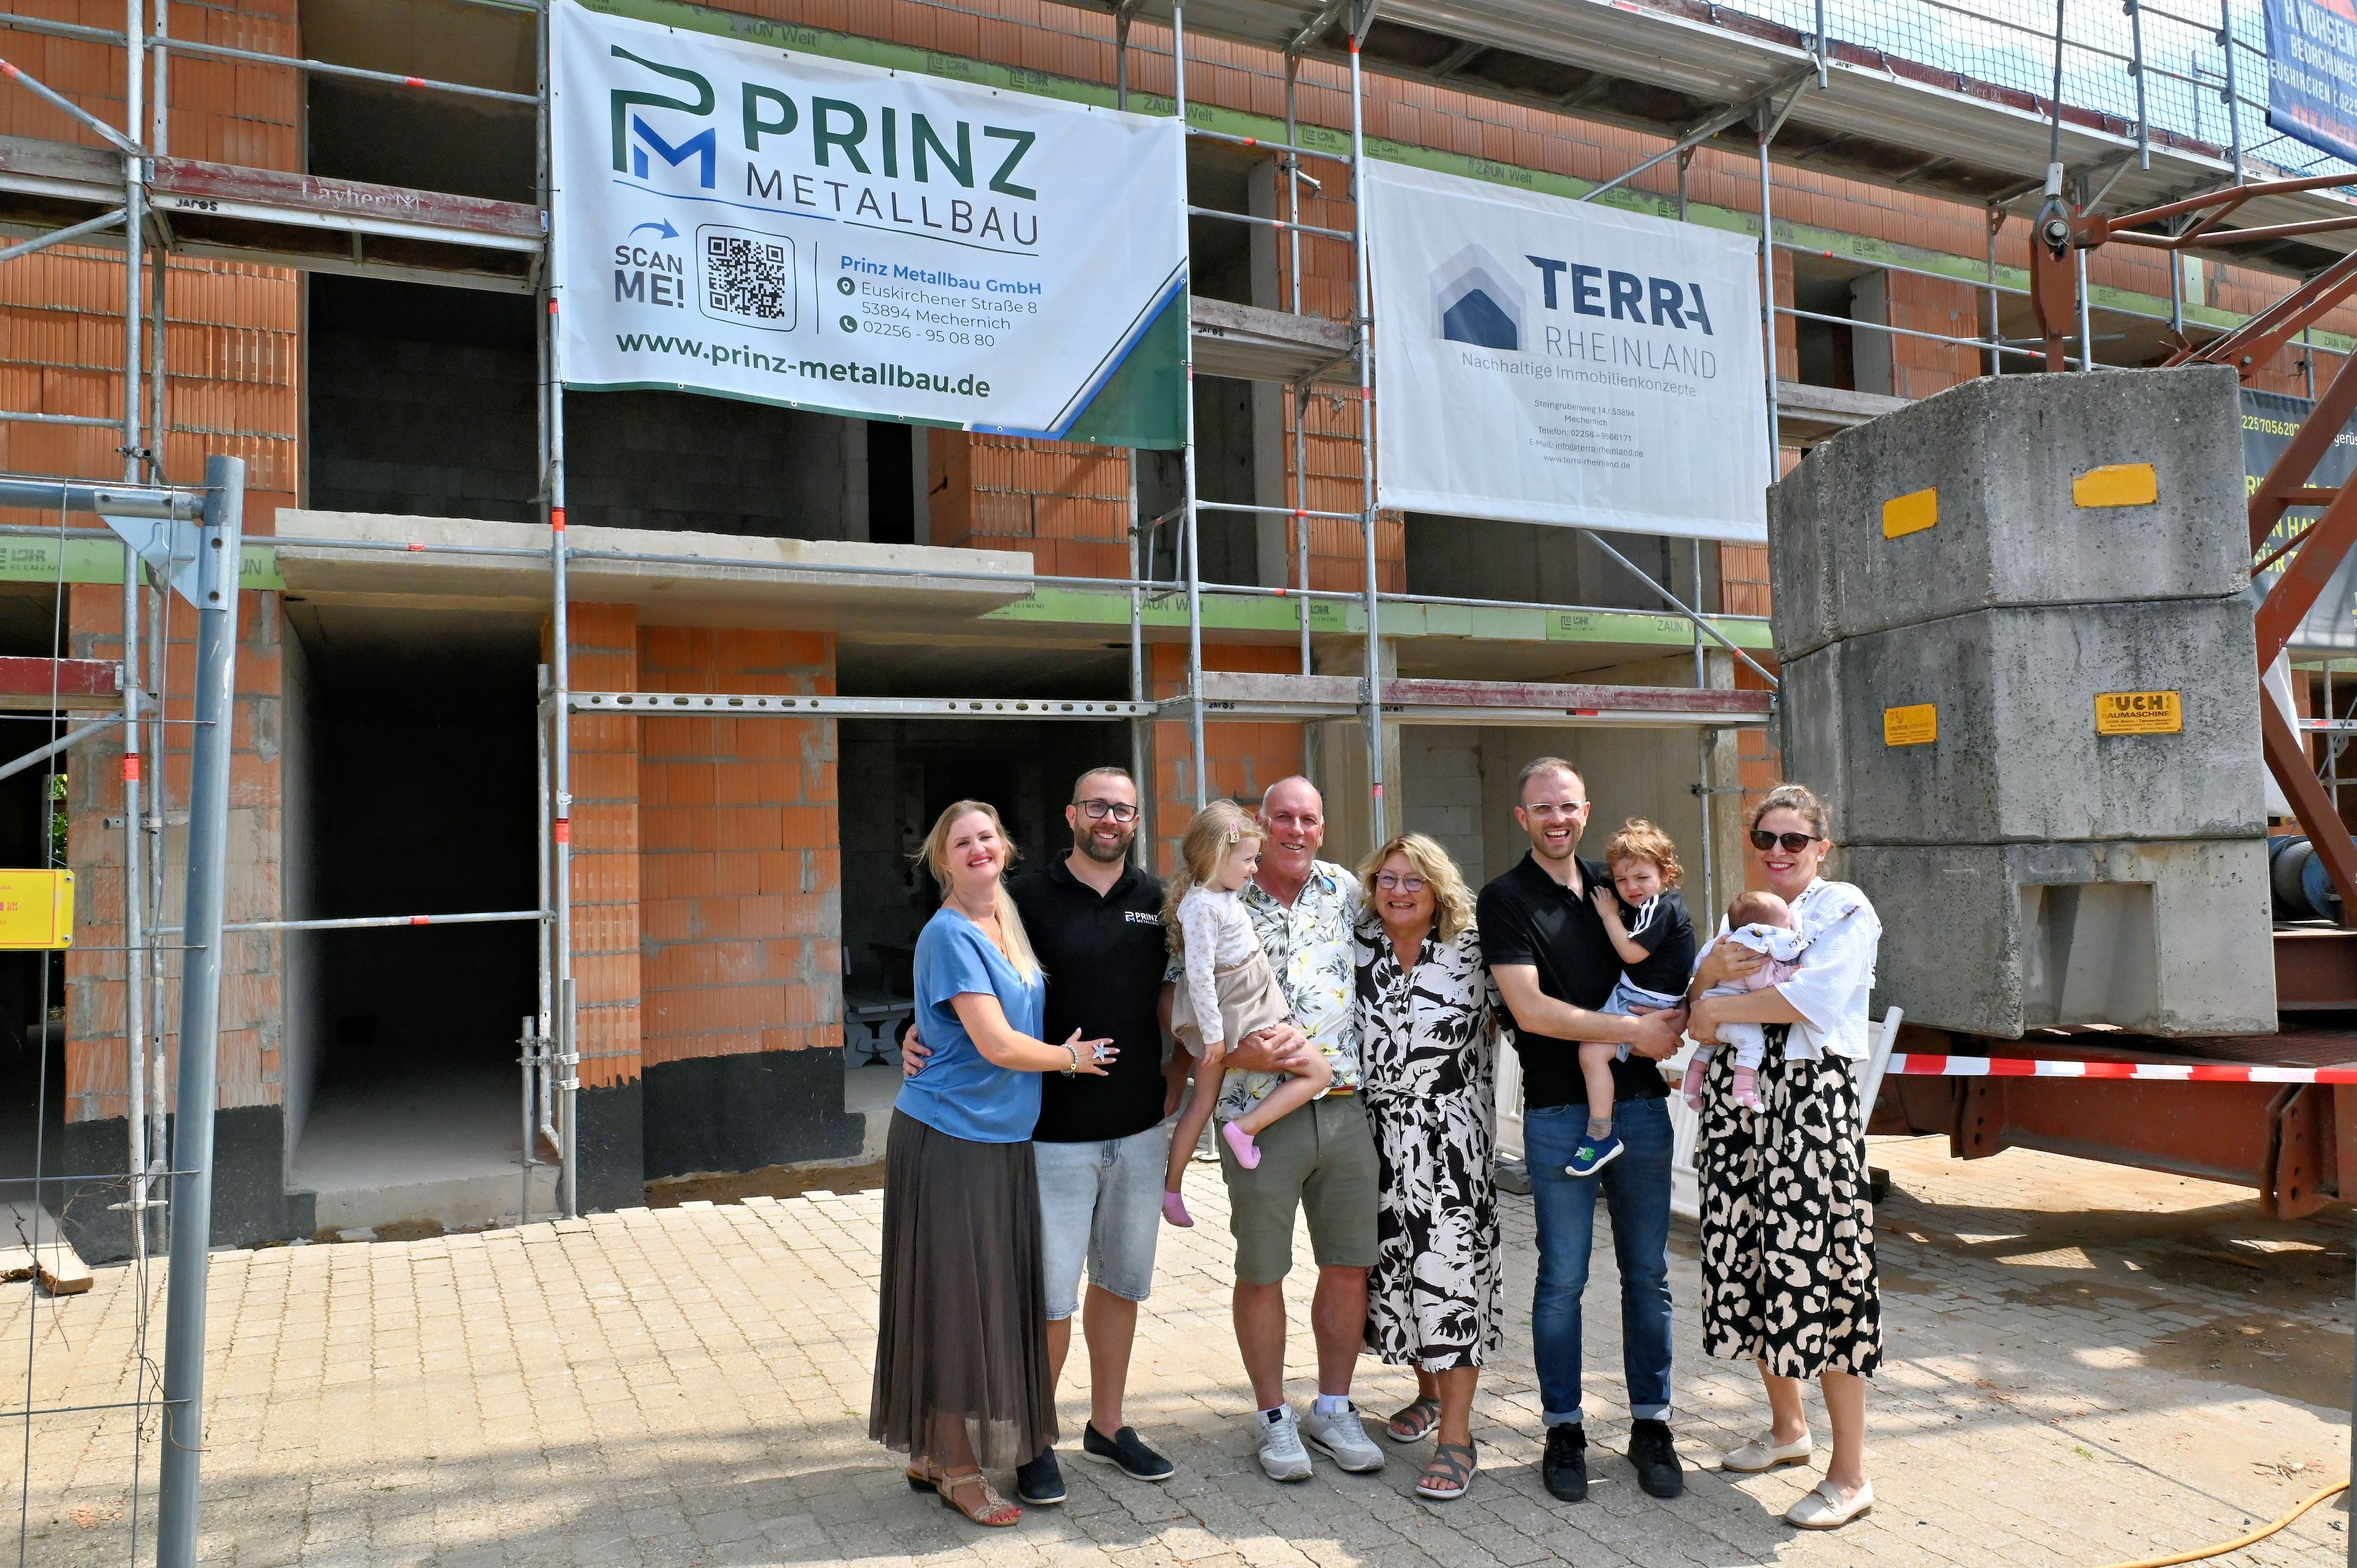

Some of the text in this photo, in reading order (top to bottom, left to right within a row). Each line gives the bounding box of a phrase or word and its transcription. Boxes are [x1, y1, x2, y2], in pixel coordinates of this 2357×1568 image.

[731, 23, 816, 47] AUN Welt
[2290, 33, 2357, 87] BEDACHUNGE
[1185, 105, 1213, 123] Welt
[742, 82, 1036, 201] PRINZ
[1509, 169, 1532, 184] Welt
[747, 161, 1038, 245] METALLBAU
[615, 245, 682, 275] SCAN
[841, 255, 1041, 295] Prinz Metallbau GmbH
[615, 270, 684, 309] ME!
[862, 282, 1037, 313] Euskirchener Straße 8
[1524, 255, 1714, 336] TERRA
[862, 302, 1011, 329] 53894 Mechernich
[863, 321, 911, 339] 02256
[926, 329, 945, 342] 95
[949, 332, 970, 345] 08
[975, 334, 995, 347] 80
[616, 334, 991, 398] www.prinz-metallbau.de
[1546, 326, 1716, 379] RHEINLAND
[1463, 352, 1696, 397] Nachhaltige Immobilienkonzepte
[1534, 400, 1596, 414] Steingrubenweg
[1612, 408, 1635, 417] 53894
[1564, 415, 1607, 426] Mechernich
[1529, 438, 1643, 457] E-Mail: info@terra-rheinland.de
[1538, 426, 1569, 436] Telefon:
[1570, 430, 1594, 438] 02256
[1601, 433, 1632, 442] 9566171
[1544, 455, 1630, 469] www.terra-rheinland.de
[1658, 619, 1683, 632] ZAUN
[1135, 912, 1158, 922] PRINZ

+ + +

What is needed is an exact copy of the data, with the pictures removed.

Some of the text in this photo, in reading order (top to bottom, left to right within a row). Each line gives the bounding box of a phrase or word and its transcription. Boxes are [x1, y1, x2, y2], in pixel coordinates of this 2357×1568 image.

[731, 23, 816, 47] AUN Welt
[2290, 33, 2357, 87] BEDACHUNGE
[1185, 105, 1213, 123] Welt
[742, 82, 1036, 201] PRINZ
[1509, 169, 1532, 184] Welt
[747, 161, 1038, 245] METALLBAU
[615, 245, 682, 275] SCAN
[841, 255, 1041, 295] Prinz Metallbau GmbH
[615, 270, 684, 309] ME!
[862, 282, 1037, 313] Euskirchener Straße 8
[1524, 255, 1714, 336] TERRA
[862, 302, 1011, 329] 53894 Mechernich
[863, 321, 911, 339] 02256
[926, 329, 945, 342] 95
[949, 332, 970, 345] 08
[975, 334, 995, 347] 80
[616, 334, 991, 398] www.prinz-metallbau.de
[1546, 326, 1716, 379] RHEINLAND
[1463, 352, 1696, 397] Nachhaltige Immobilienkonzepte
[1534, 400, 1596, 414] Steingrubenweg
[1612, 408, 1635, 417] 53894
[1564, 415, 1607, 426] Mechernich
[1529, 438, 1643, 457] E-Mail: info@terra-rheinland.de
[1538, 426, 1569, 436] Telefon:
[1570, 430, 1594, 438] 02256
[1601, 433, 1632, 442] 9566171
[1544, 455, 1630, 469] www.terra-rheinland.de
[1658, 619, 1683, 632] ZAUN
[1135, 912, 1158, 922] PRINZ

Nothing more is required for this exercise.